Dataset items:

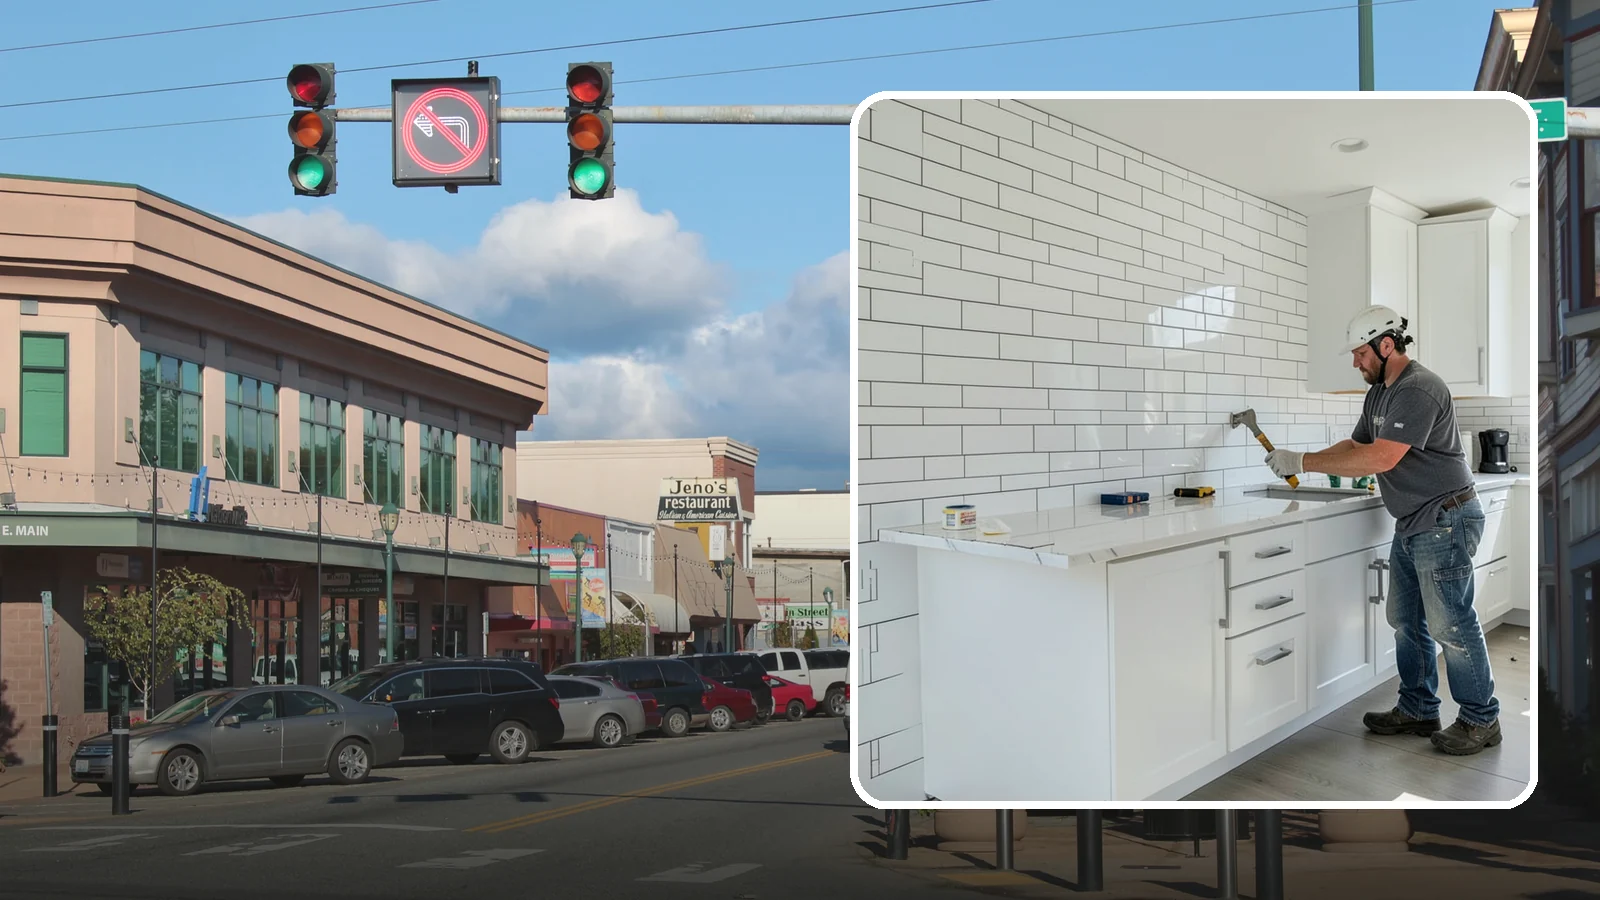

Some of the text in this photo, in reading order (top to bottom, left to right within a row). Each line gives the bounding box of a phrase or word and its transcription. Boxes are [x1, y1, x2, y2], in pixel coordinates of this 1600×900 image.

[670, 480, 728, 494] Jeno's
[665, 497, 731, 509] restaurant
[658, 510, 682, 520] Italian
[686, 510, 715, 520] American
[715, 509, 738, 519] Cuisine
[2, 525, 49, 536] E. MAIN
[797, 608, 828, 616] Street
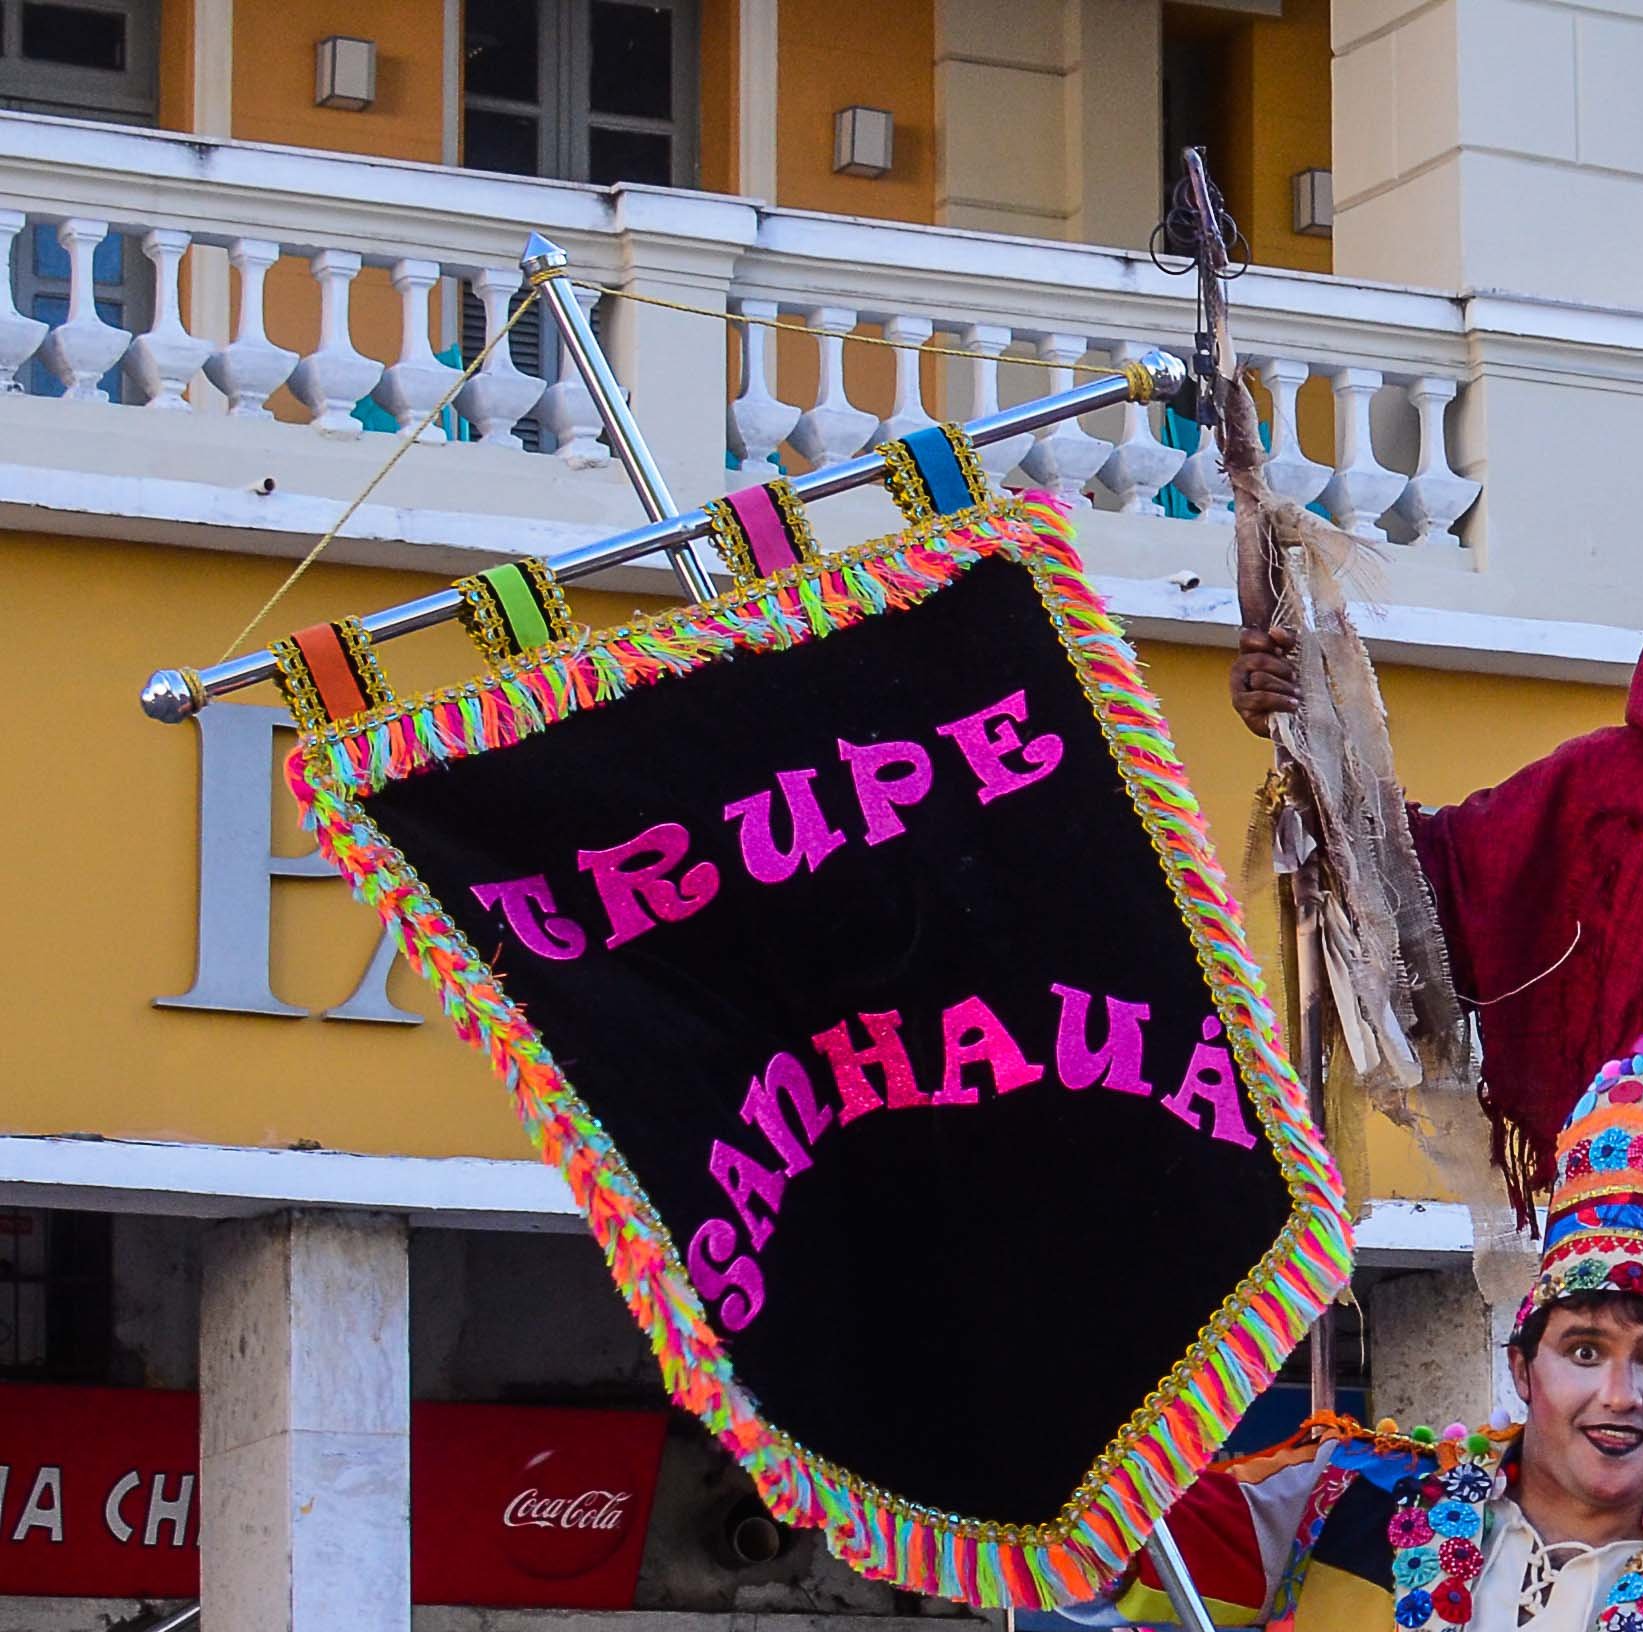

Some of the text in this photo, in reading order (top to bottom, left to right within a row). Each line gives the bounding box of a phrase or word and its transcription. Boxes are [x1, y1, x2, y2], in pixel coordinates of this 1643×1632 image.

[470, 689, 1064, 960] TRUPE
[688, 982, 1257, 1333] SANHAUÁ
[106, 1470, 201, 1546] CH
[503, 1488, 632, 1529] Coca-Cola

## Work task
Every entry above should come back exactly as written, except for its pictures.

## Result of the exercise
Some of the text in this photo, in reading order (top to bottom, left to right within a row). Each line gives the bounding box of a phrase or word and its transcription. Boxes are [x1, y1, x2, y2], in pixel coordinates of this 1600×900 image.

[670, 480, 728, 494] Jeno's
[665, 497, 731, 509] restaurant
[658, 510, 682, 520] Italian
[686, 510, 715, 520] American
[715, 509, 738, 519] Cuisine
[2, 525, 49, 536] E. MAIN
[797, 608, 828, 616] Street

Some of the text in this photo, in reading order (top to bottom, left to right within a row). Each line gives the bounding box of a phrase or word and its transcription. Boxes are [x1, y1, x2, y2], in pixel coordinates of this 1643×1632 image.

[470, 689, 1064, 960] TRUPE
[688, 982, 1257, 1333] SANHAUÁ
[106, 1470, 201, 1546] CH
[503, 1488, 632, 1529] Coca-Cola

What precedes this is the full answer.